A delegação do Distrito Federal marcou presença ativa no VI Congresso Nacional dos Oficiais de Justiça (CONOJUS), realizado entre os dias 22 e 24 de abril, em Florianópolis (SC), consolidando a participação da AOJUS-DFTO em mais um espaço de debate e articulação institucional dos Oficiais no país.
O congresso reuniu representantes de todas as regiões, além de magistrados, parlamentares, especialistas e dirigentes de entidades, em três dias de intensa programação voltada aos desafios contemporâneos da carreira, como o uso de tecnologia e inteligência artificial, segurança institucional, valorização profissional e atuação político-legislativa.
O VI CONOJUS se consolidou como um espaço fundamental de reflexão e construção de caminhos para o futuro da profissão, especialmente em um cenário de profundas transformações no Judiciário.
Os debates evidenciaram a centralidade do Oficial de Justiça como agente essencial à efetividade da jurisdição, com destaque para o novo papel reconhecido pela Resolução nº 600 do CNJ, que amplia as atribuições e posiciona o servidor como agente de inteligência processual.
Além disso, temas como pesquisa patrimonial, uso de ferramentas eletrônicas, cooperação interinstitucional e impactos do modelo gerencial na saúde dos servidores estiveram no centro das discussões, reforçando a necessidade de estrutura, capacitação e valorização da carreira.
Veja AQUI o relatório completo da delegação da AOJUS-DFTO sobre a participação no CONOJUS
Para o presidente da AOJUS-DFTO, Julio Fontela, o Congresso representou um divisor de águas para a categoria. “O que vimos no VI CONOJUS não foi apenas um Congresso, foi um marco de reposicionamento institucional do oficial de justiça no Brasil.
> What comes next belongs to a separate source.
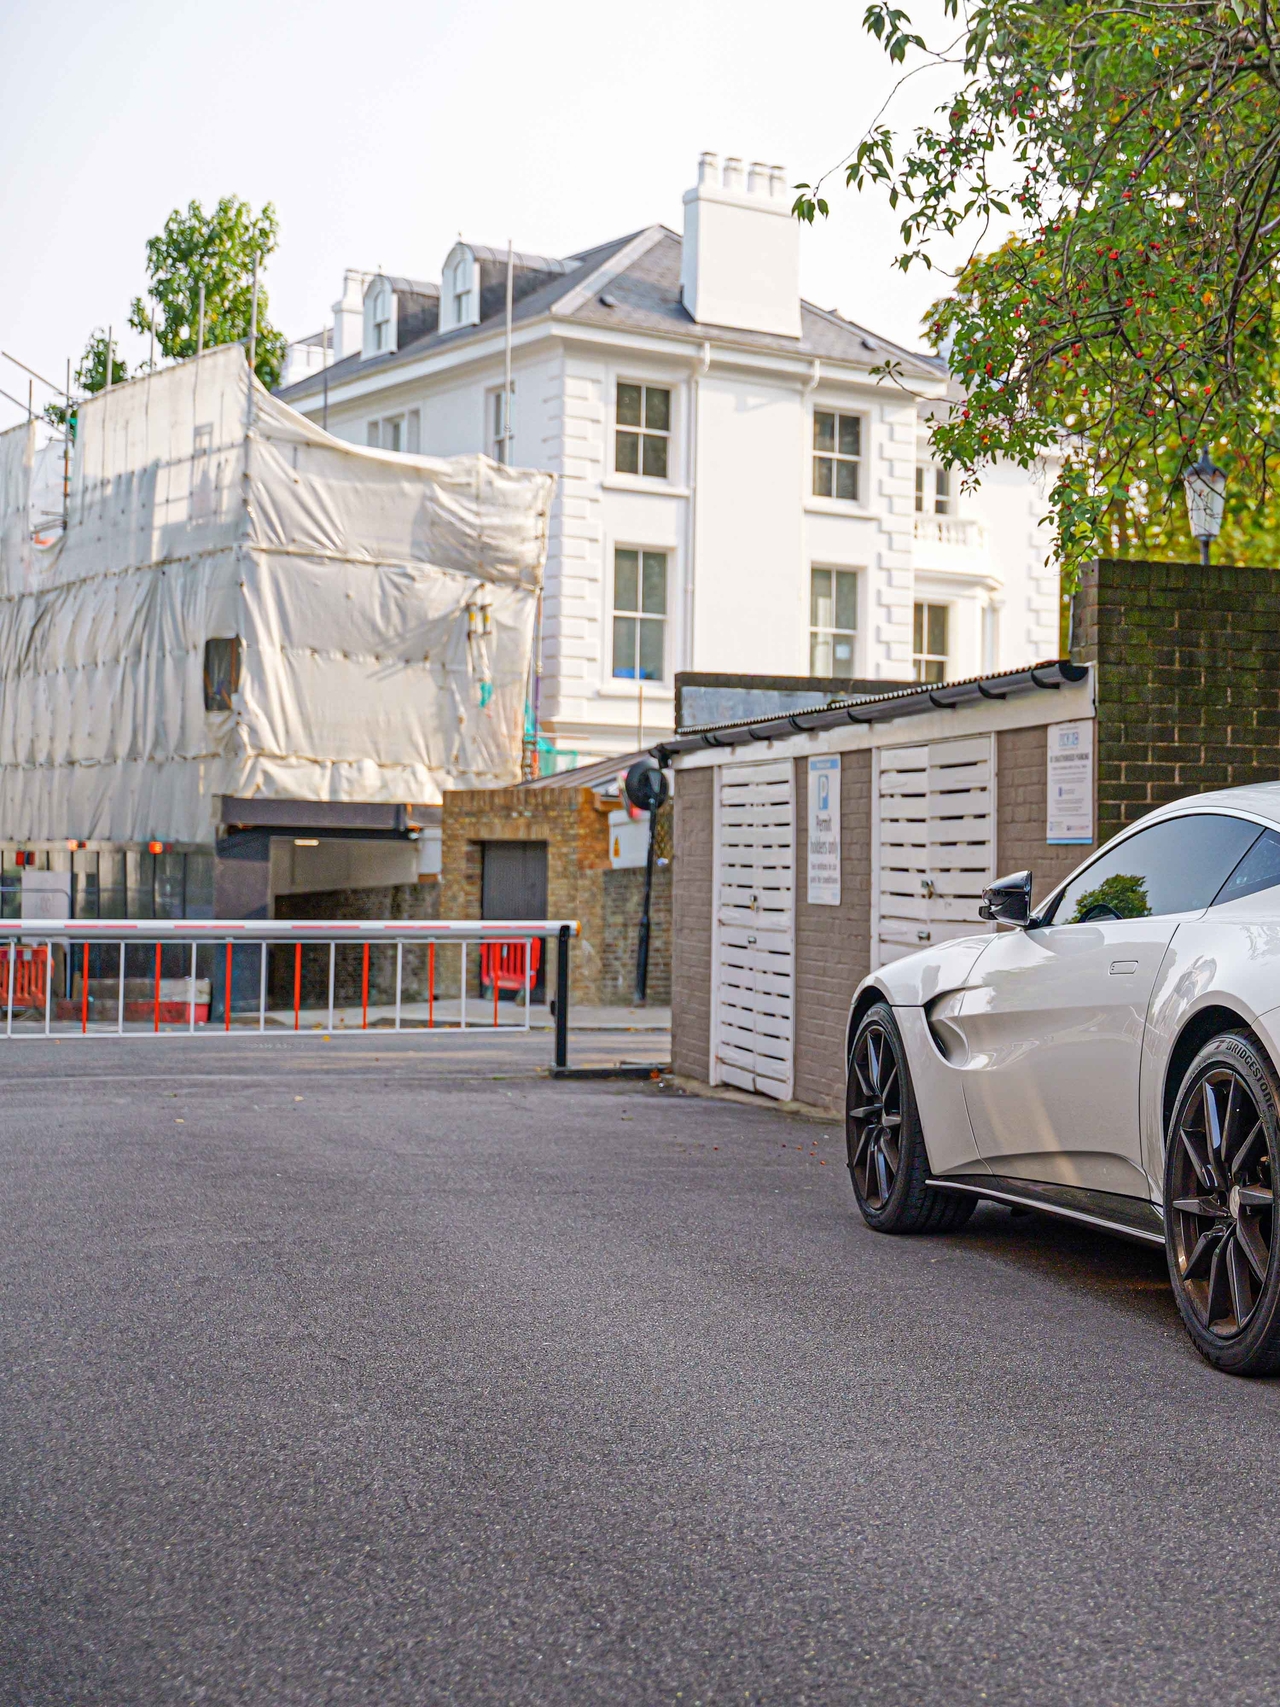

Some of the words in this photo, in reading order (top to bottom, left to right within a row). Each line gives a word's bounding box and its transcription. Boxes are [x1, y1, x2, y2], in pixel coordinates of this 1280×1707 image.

[819, 775, 828, 810] P
[815, 815, 832, 832] Permit
[1226, 1041, 1276, 1112] BRIDGESTONE
Não basta ampliar atribuições sem garantir estrutura, tecnologia, capacitação e proteção institucional”.
Fontela também chama a atenção para a necessidade de união e atuação política coordenada. “O futuro da carreira será definido pela nossa capacidade de articulação, de presença institucional e de defesa firme das nossas atribuições. União não é discurso, é estratégia de sobrevivência”, ressalta.
Para o diretor Lucas Palhares, “o cumprimento de mandados não pode mais ser dissociado da inteligência. O Oficial moderno precisa trabalhar com dados, cruzamento de informações e estratégia”.
Segundo ele, o domínio de ferramentas como Sisbajud, Renajud e Infojud é essencial para uma atuação mais eficiente e segura, reduzindo diligências improdutivas e ampliando a efetividade das ordens judiciais.
Contudo, Lucas alerta para a necessidade de investimento contínuo. “Tecnologia sem capacitação gera risco. Precisamos investir em formação contínua, padronização e criação de núcleos especializados.”
Já a diretora Amanda Sampaio ressalta que o VI CONOJUS evidenciou a importância das pautas estruturantes para o futuro da carreira. “Regulamentação da Resolução 600, porte de arma, Lei Orgânica e adicional de qualificação não são temas isolados, são estruturantes para o futuro da profissão”.
Ela também alertou para os riscos de perda de atribuições ao afirmar que “se não ocuparmos os espaços de decisão, outros ocuparão. A experiência portuguesa é um alerta claro de que a desjudicialização mal conduzida pode enfraquecer a carreira”.
Outro ponto de destaque foi a dimensão humana da atividade. A diretora Cristiane Felipe enfatizou a necessidade de olhar para as condições reais de trabalho. “O oficial de justiça não é um número. Ele é o elo entre o Judiciário e a sociedade, lidando com conflitos reais, situações de risco e alta carga emocional. Precisamos avançar na revisão de métricas, apoio psicológico, segurança funcional e reconhecimento do protagonismo silencioso”.
O VI CONOJUS deixa uma mensagem clara para toda a categoria: diante das transformações tecnológicas, pressões institucionais e disputas políticas, a união e o engajamento coletivo serão determinantes para garantir avanços e evitar retrocessos no futuro dos Oficiais de Justiça do Brasil.